START SOURCE MATERIAL

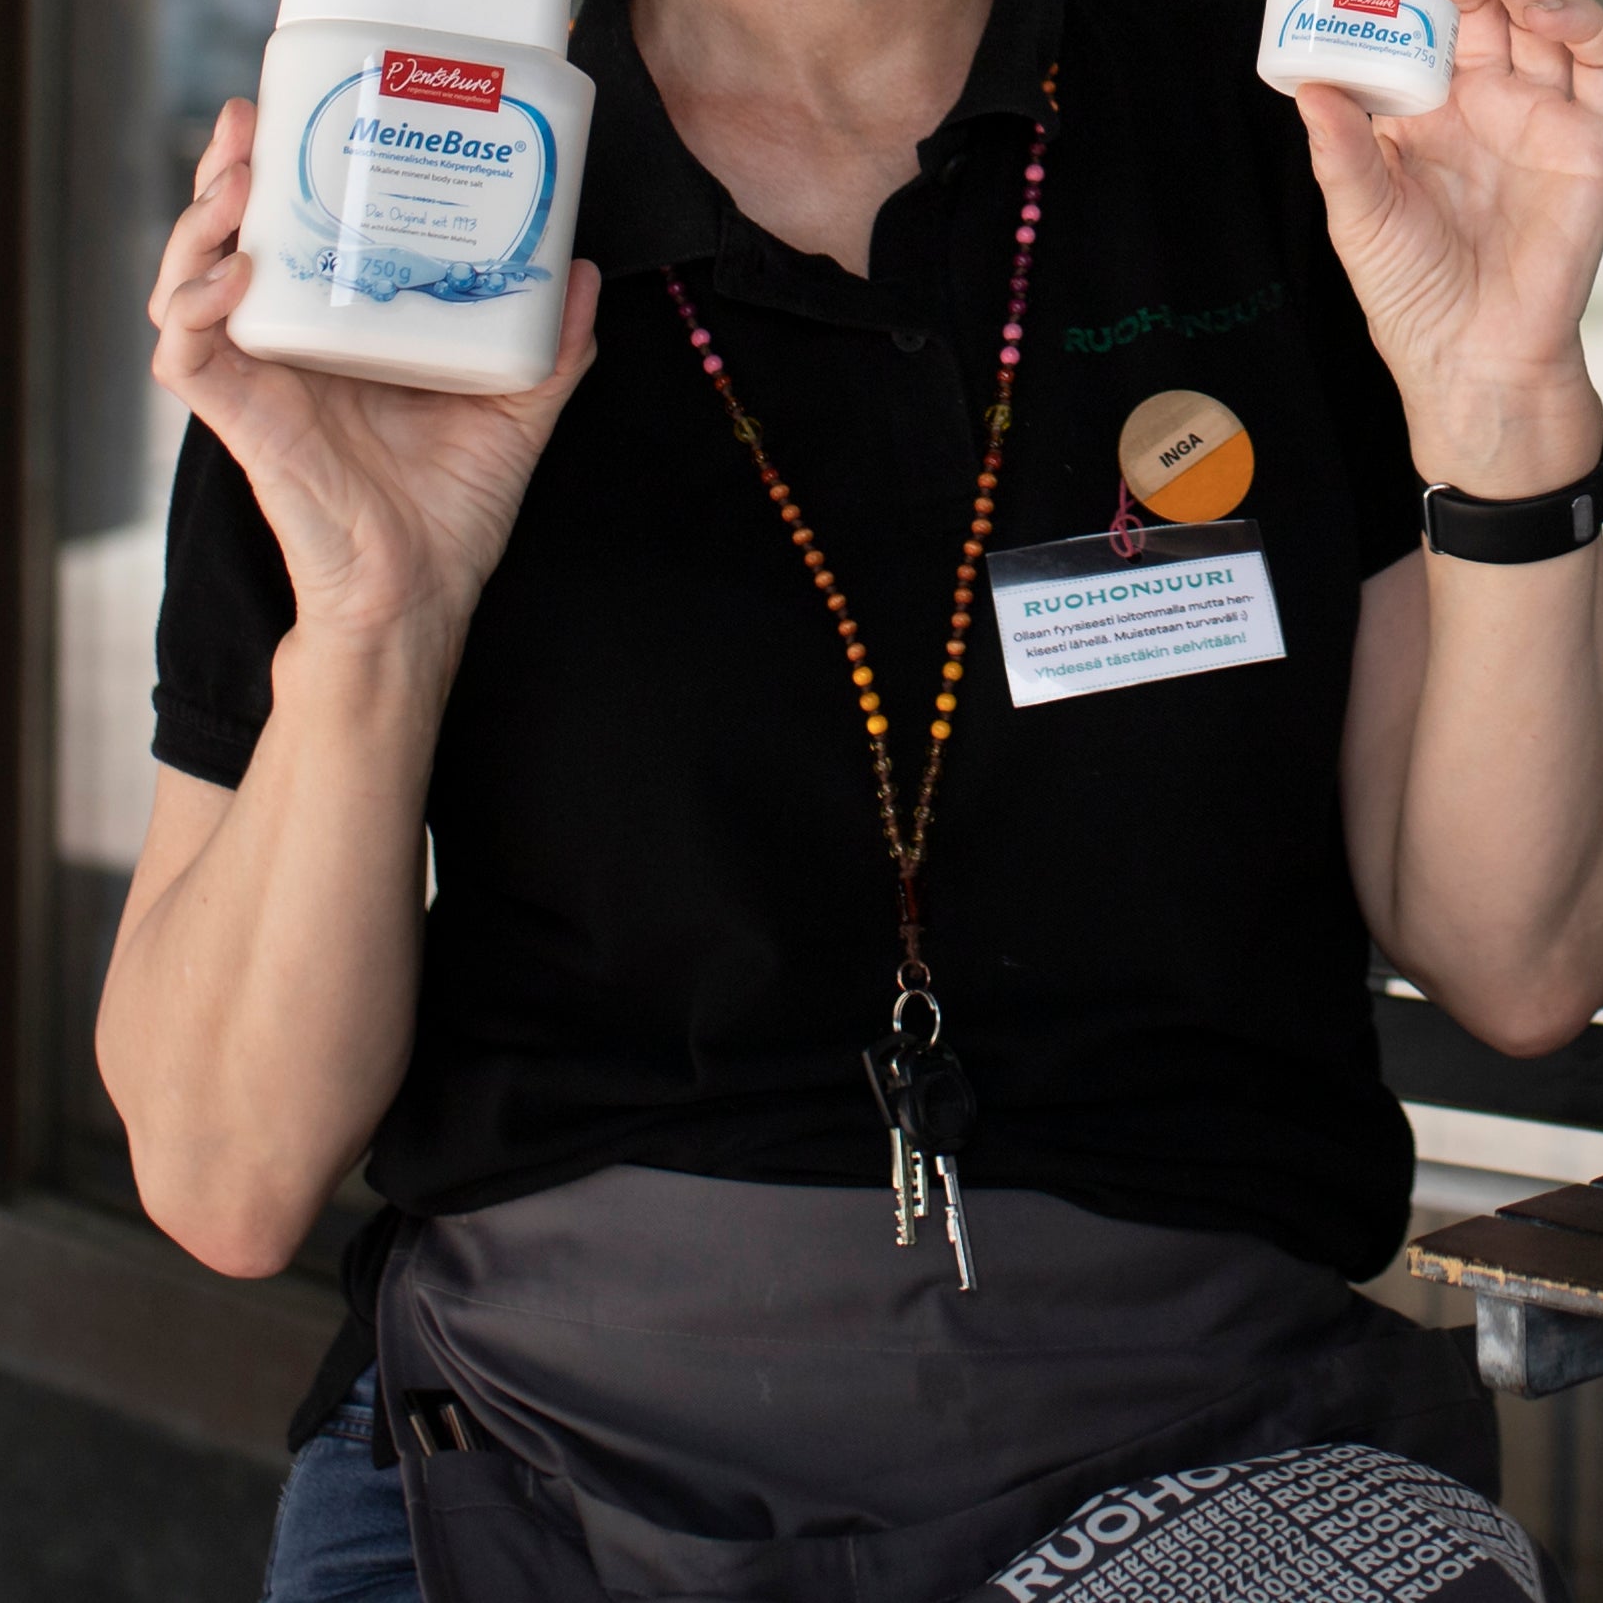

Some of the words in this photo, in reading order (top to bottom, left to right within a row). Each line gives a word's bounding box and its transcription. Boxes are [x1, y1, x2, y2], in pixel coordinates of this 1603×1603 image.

[1414, 47, 1435, 68] 75g
[401, 167, 431, 180] mineral
[430, 171, 452, 185] body
[452, 177, 469, 186] care
[469, 178, 484, 188] salt
[439, 158, 514, 180] Körperpflegesalz
[362, 258, 394, 278] 750
[399, 266, 412, 284] g
[1158, 432, 1204, 469] INGA
[1023, 568, 1234, 617] RUOHONJUURI
[1187, 596, 1224, 612] mutta
[1225, 591, 1255, 606] hen-
[1024, 640, 1067, 658] kisesti
[1113, 620, 1183, 643] Muistetaan
[1034, 655, 1102, 680] Yhdessä
[1104, 643, 1170, 667] tästäkin
[1171, 630, 1247, 655] selvitään!

END SOURCE MATERIAL

ASSIGNED TASK:
Can you repeat every record above exactly, apart from the pictures?

SOLUTION FOR THIS EXERCISE:
Some of the words in this photo, in reading order (top to bottom, left to right within a row). Each line gives a word's bounding box and its transcription. Boxes are [x1, y1, x2, y2], in pixel coordinates of this 1603×1603 image.

[1414, 47, 1435, 68] 75g
[401, 167, 431, 180] mineral
[430, 171, 452, 185] body
[452, 177, 469, 186] care
[469, 178, 484, 188] salt
[439, 158, 514, 180] Körperpflegesalz
[362, 258, 394, 278] 750
[399, 266, 412, 284] g
[1158, 432, 1204, 469] INGA
[1023, 568, 1234, 617] RUOHONJUURI
[1187, 596, 1224, 612] mutta
[1225, 591, 1255, 606] hen-
[1024, 640, 1067, 658] kisesti
[1113, 620, 1183, 643] Muistetaan
[1034, 655, 1102, 680] Yhdessä
[1104, 643, 1170, 667] tästäkin
[1171, 630, 1247, 655] selvitään!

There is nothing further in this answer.